How to Remove Vinegar Stain on Mosaic Tile
Article ID: 332 | Rating: Unrated | Last Updated: Mon, Nov 18, 2019 at 8:27 PM
Q. I was reading your Stain Management Application about cleaning vinegar stains, and in the types of stains on the left, vinegar is not listed. I was hoping you could clarify what poultice and method to use. Vinegar diluted with water was used in an attempt to clean new, unfinished natural stone mosaic floor tiles (like river rock). It's yellowed so I'm hoping to remove the stain. The texture (finish) of the stone was not affected at all, just the color. I don't think etched or anything. I think it's fairly porous. They appear to have been tumbled and ground at some point to flatten them and take the edges off. (I'm an architect and have worked a lot with tile and stone, though haven't come across this). I put the same vinegar mix that was used on some leftover samples and tested my sealer on it. It appears to mask the discoloration. I have 2 sealers on hand. one is enhanced providing a wet look which seems to do a pretty thorough job. ( I can't see the discoloration) The other is a penetrating sealer that leaves the natural finish appearance alone. Obviously the latter is out. I'm almost afraid to do anything more to the natural stone for fear of creating more problems. The only remaining question is if the dried vinegar would affect the sealer over time. After 36 hours, I can't see the discoloration at all.

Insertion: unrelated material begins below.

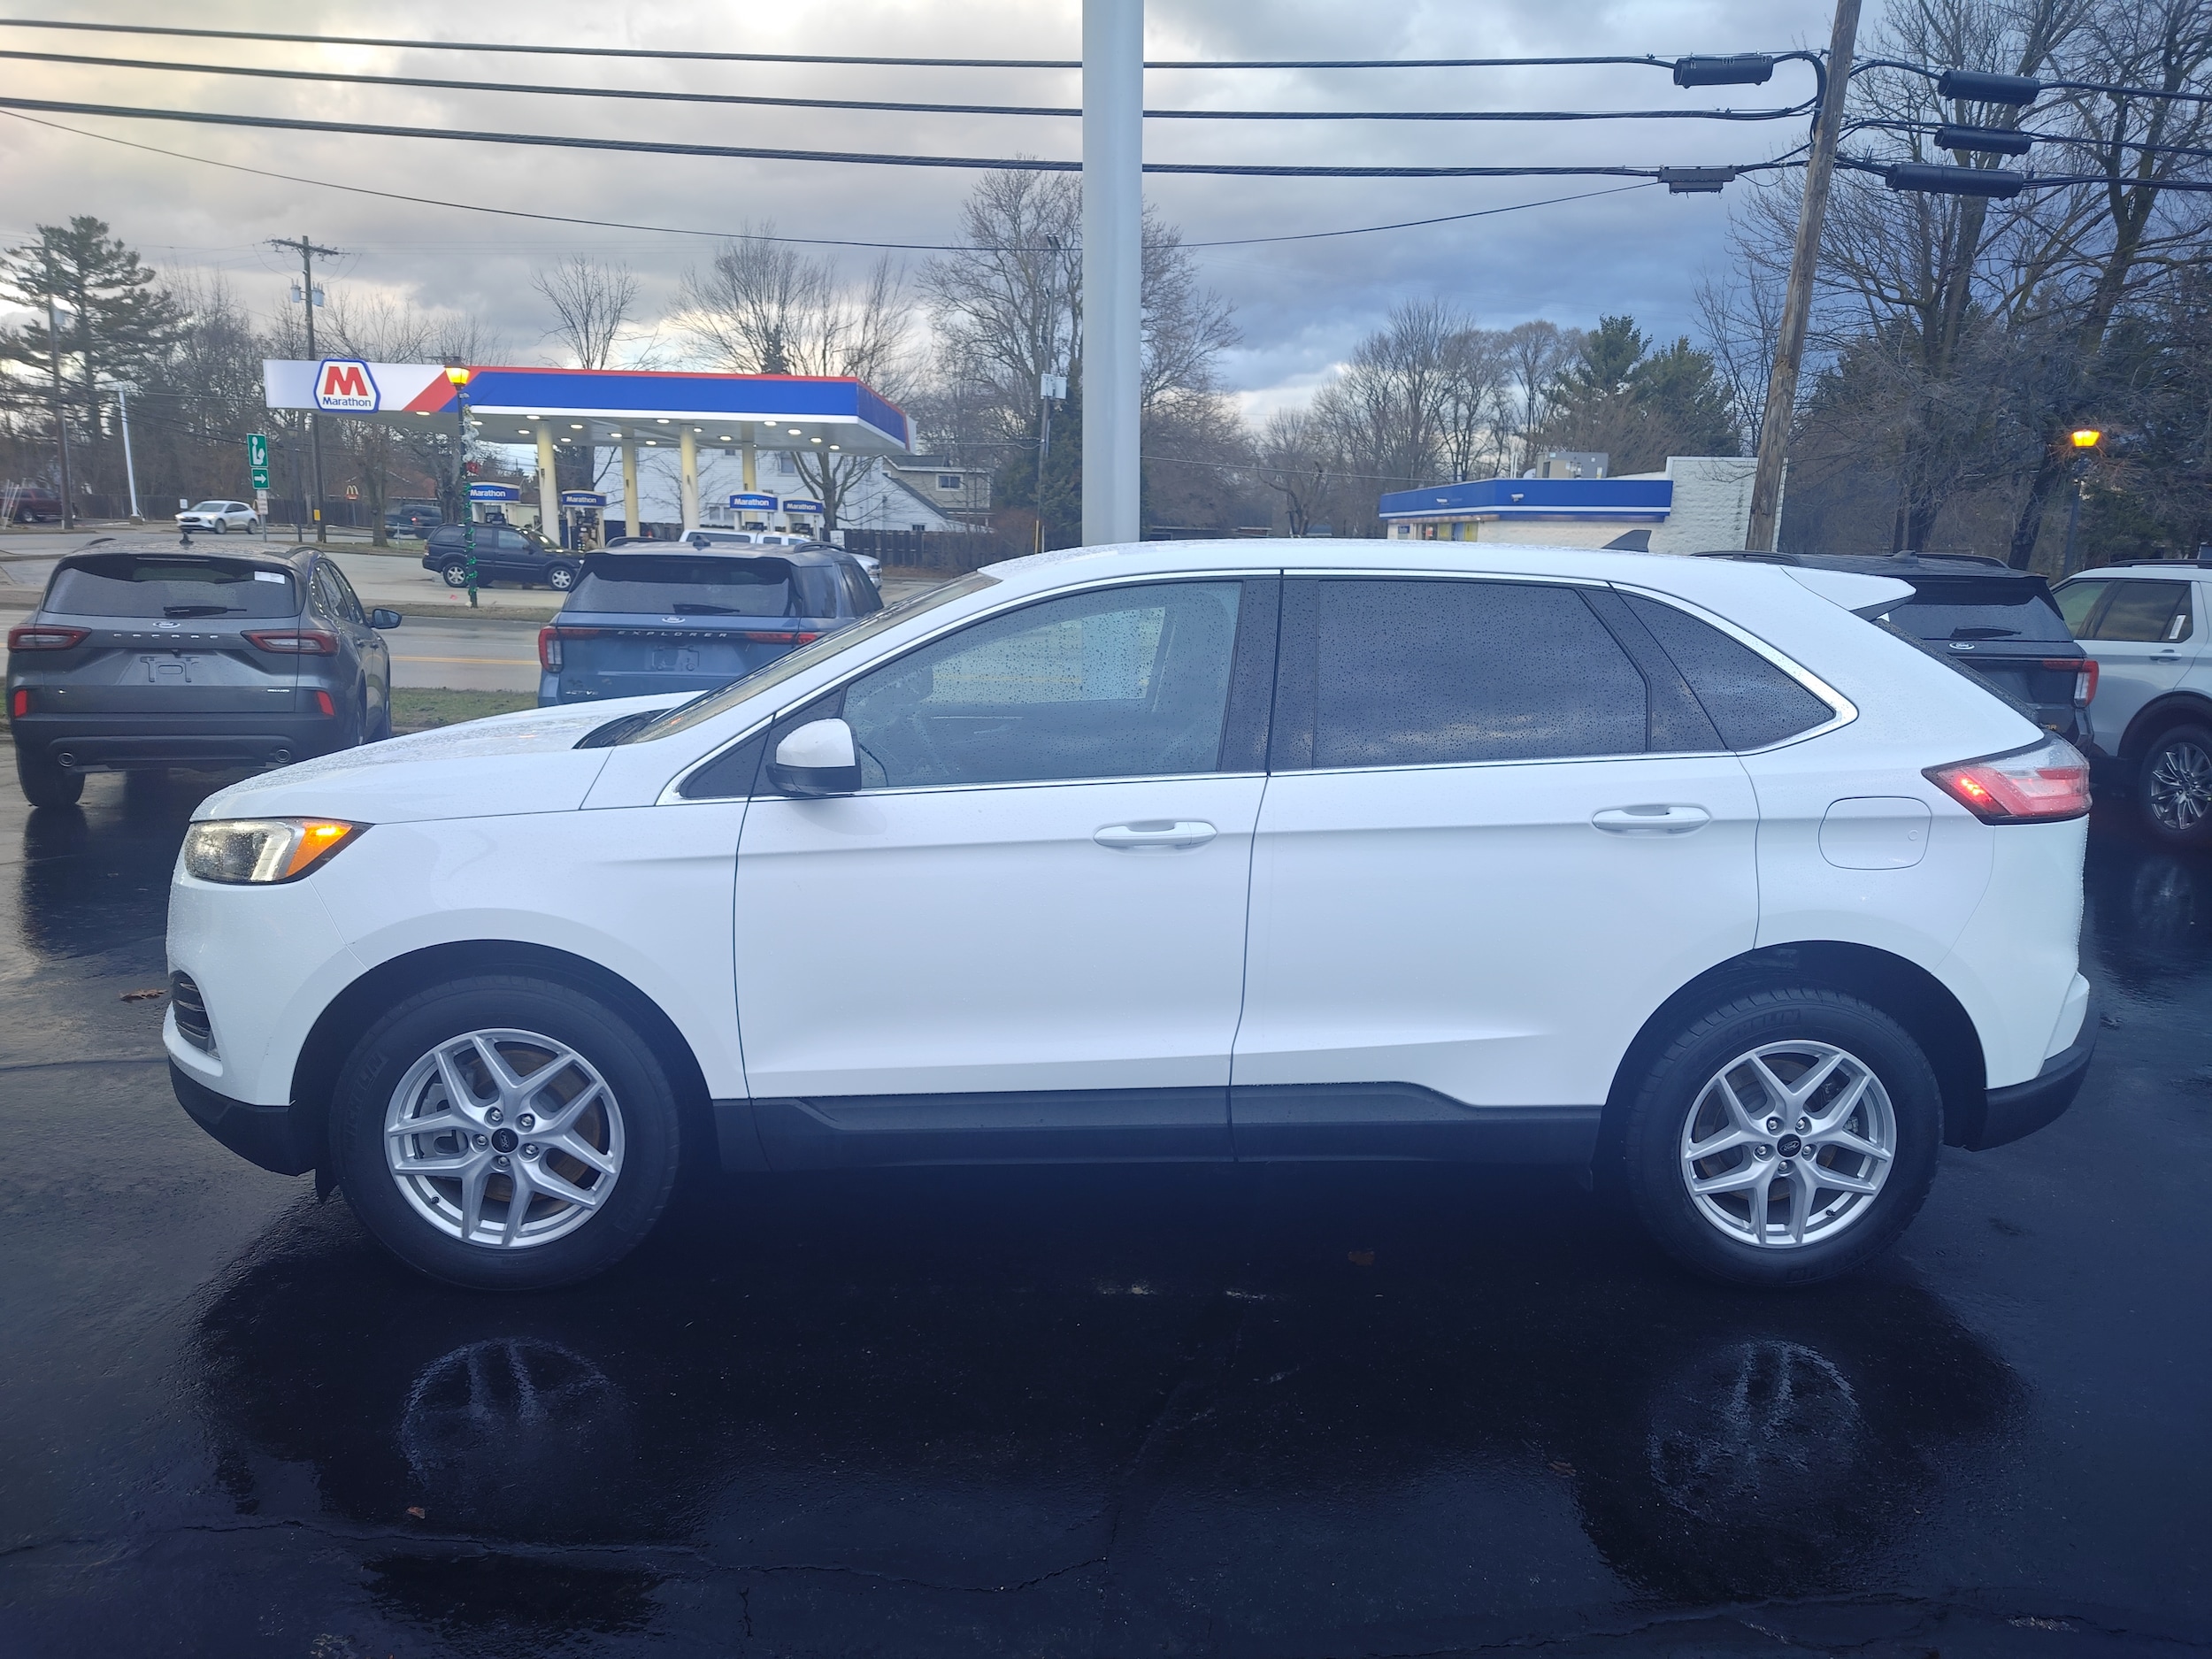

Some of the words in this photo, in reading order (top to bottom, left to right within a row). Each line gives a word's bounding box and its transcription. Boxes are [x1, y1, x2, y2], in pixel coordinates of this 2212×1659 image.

[324, 366, 368, 396] M
[322, 396, 372, 407] Marathon
[470, 488, 506, 497] Marathon

A. If your mosaic tile is marble, then the problem is likely etch damage. The acids in the vinegar reacted with the calcium in the marble, creating the discoloration. You can try buffing with a honing powder and then cleaning with a stone-safe, pH-neutral cleaner. If your stone is not marble, but river rock, then the discoloration is likely due to the vinegar reacting with a coating on the surface. The stone will need to be stripped and recoated. In either case, we highly recommend leaving the restoration work to a qualified stone restoration contractor. If you are having success with the sealer, this is promising. The dried vinegar will not cause a problem. Once the acid in the vinegar has reacted with the stone, its acidic properties are gone. Please visit https://stoneandtilepros.com/findapro to find a reputable, vetted contractor in your area if you unable to completely resolve the problem.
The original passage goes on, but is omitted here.